It's been an interesting dialog. I'm glad it was brought up. Like Bunkerbarge I've also been involved in shows as a visitor who's paid an entrance fee, an exhibitor (with all the issues of getting the layout/moduls to the show on time and running, plus dealing with the gremlins that stop trains running), a presenter (those 20 minute presentations where you suddenly realize half-way through that the real experts are in the audience and getting ready to ask some potentially arkward questions), and a trader (where most of the time is spent keeping an eye on the light-fingered and money-shy).

It's a thankless task getting the mix right, and impossible to satisfy everybody.

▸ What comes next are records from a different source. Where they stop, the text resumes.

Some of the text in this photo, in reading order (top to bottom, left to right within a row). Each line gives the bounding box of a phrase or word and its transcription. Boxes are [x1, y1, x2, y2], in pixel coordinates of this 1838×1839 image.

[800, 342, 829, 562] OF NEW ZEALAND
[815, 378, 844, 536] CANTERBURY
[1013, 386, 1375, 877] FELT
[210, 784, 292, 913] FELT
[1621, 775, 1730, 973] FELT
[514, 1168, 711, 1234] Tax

My experience is that the visitors to a show fall into 3 categories - modelers who have come to see the layouts (including the rivet counters and critics), modelers who have come to stock up with supplies from the traders thus avoiding mail-order or eebygum, and have a day out as a bonus, and families with tin lids looking for a Thomas or three or 'Arry Potter et al., and who stay 1-3 hours at most. It's almost a 2-minute elevator conversation with the layout critics, unless the trains are running it's move-on time. And it's definitely move on time if Thomas or 'Arry are not around.

As a visitor I do expect (having paid me money) to see trains running and exhibitors who are prepared to have a chat about layout design, operation, construction, etc. Not unreasonable. Many times operators have been very accommodating about getting trains in the right spot for a snap with the camera, and having a chat or showing me how that operates. Some, and this seems to me to be increasing, unfortunately treat the day (or two) as a club outing, and are there to run trains for their own enjoyment (or often not it seems from the glum faces), not the paying public. 

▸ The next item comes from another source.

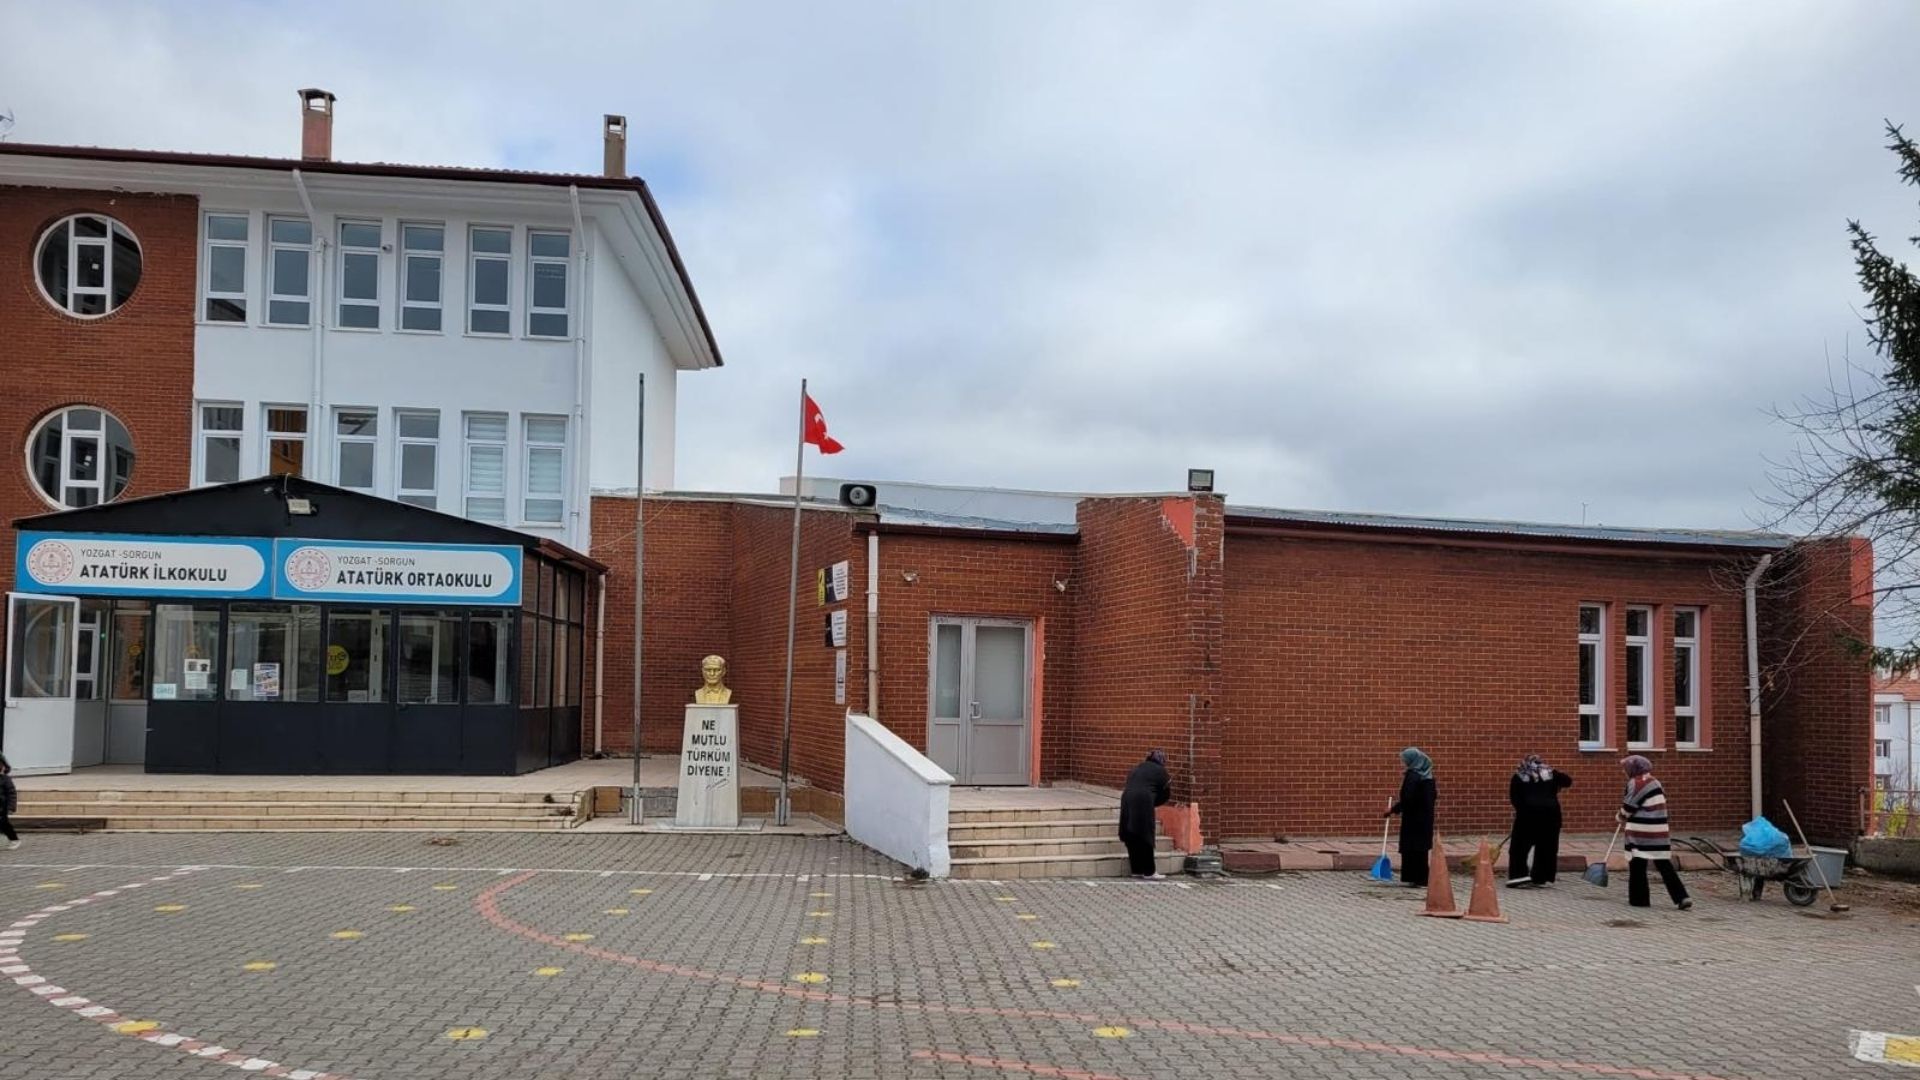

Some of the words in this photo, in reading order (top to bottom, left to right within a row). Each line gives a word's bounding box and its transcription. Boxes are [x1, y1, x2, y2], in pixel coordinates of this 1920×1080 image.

This is subjective of course, but my impression over the years is that specialty shows (O-Gauge Guild, 7mm Association, EM Association, etc.) attract good (home) layouts with operators interested  in discussing their efforts, traders who know their stuff, and a convivial (almost club) atmosphere where vistors are welcomed. Much better than the Ally Pally or the Warley/NEC, which I think have lost their way in the pursuit of bigger is better (the show and the size of the layout). I only get to maybe 1-2 shows a year in the UK these days (used to be 5-6 until I retired a few years ago as I always seemed to be passing through Heathrow with a 24-48 hour stopover over the weekend on my to or from some forsaken hole in the middle of nowhere), but I do go to around 6-8 shows a year here (and think nothing of driving 150-200 miles each way for a day out).

So, on balance, they're not as good as I remember. Then again modeler numbers are shrinking (for very many reasons) and the hobby has changed dramatically. I believe that many (larger) shows have yet to adapt to the changes in the hobby. Pity, as it's not good window dressing.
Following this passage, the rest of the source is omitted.